▶ **Your instructions**: Your answer must be the records below repeated word for word, with no pictures in it.

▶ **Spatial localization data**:
____________
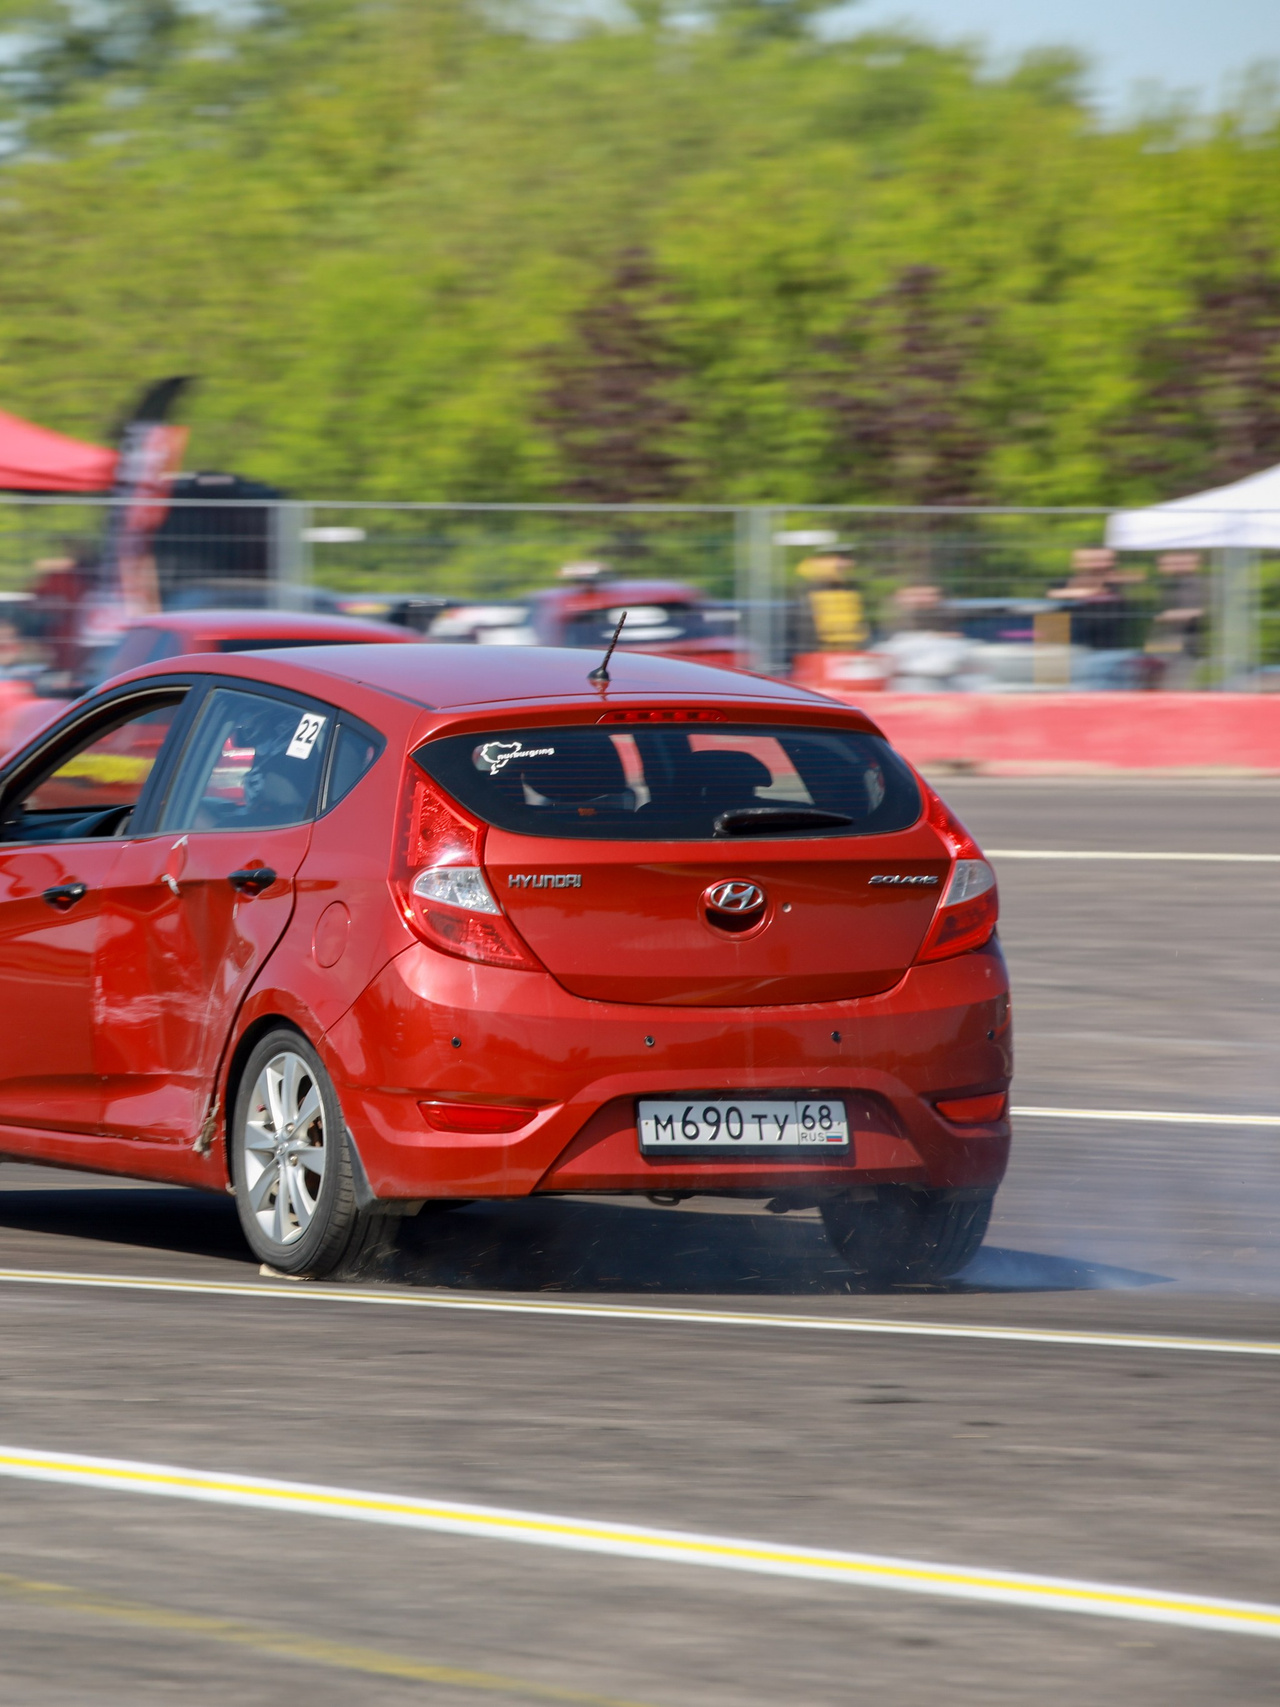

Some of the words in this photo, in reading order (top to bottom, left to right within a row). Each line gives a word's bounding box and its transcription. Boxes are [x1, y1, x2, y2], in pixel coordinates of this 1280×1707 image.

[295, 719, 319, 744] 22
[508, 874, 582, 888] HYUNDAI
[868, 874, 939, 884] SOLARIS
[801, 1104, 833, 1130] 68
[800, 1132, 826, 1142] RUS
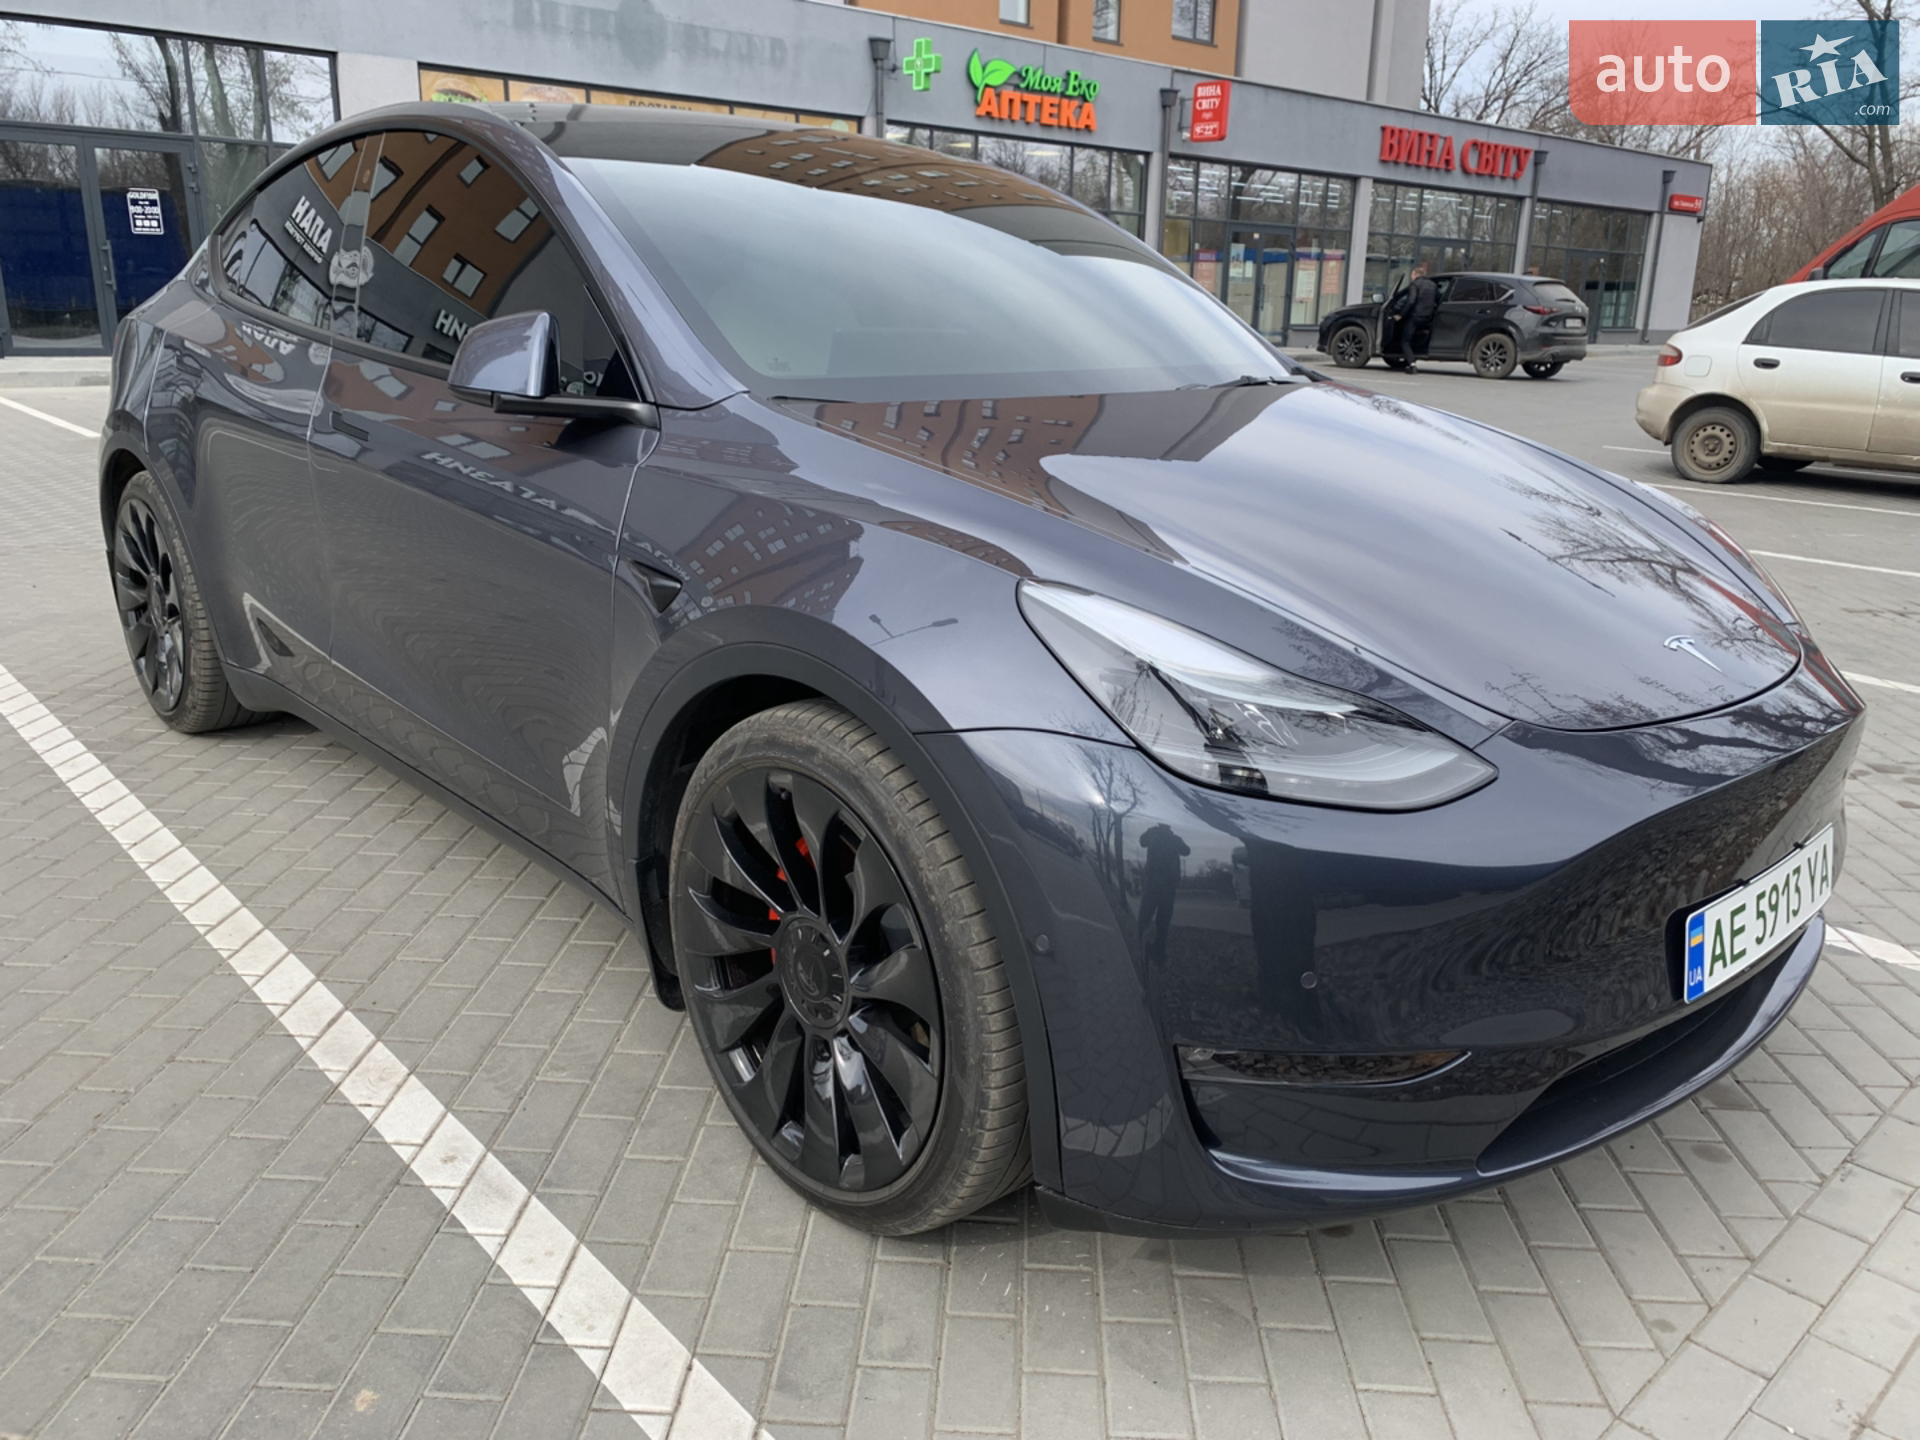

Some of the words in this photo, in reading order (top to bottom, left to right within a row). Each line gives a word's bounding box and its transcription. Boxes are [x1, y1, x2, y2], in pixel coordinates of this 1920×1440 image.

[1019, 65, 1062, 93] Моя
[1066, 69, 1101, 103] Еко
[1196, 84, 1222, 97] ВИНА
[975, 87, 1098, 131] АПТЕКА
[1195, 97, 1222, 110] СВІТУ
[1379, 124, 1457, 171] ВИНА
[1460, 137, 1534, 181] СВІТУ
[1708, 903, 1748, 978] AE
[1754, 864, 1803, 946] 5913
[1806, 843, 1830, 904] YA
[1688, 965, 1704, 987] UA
____________
▶ **Task output**:
Some of the words in this photo, in reading order (top to bottom, left to right within a row). Each line gives a word's bounding box and its transcription. Boxes are [x1, y1, x2, y2], in pixel coordinates of this 1280×1707 image.

[295, 719, 319, 744] 22
[508, 874, 582, 888] HYUNDAI
[868, 874, 939, 884] SOLARIS
[801, 1104, 833, 1130] 68
[800, 1132, 826, 1142] RUS

Some of the words in this photo, in reading order (top to bottom, left to right within a row). Each line gives a word's bounding box and its transcription. Boxes are [x1, y1, x2, y2], in pixel coordinates of this 1920×1440 image.

[1019, 65, 1062, 93] Моя
[1066, 69, 1101, 103] Еко
[1196, 84, 1222, 97] ВИНА
[975, 87, 1098, 131] АПТЕКА
[1195, 97, 1222, 110] СВІТУ
[1379, 124, 1457, 171] ВИНА
[1460, 137, 1534, 181] СВІТУ
[1708, 903, 1748, 978] AE
[1754, 864, 1803, 946] 5913
[1806, 843, 1830, 904] YA
[1688, 965, 1704, 987] UA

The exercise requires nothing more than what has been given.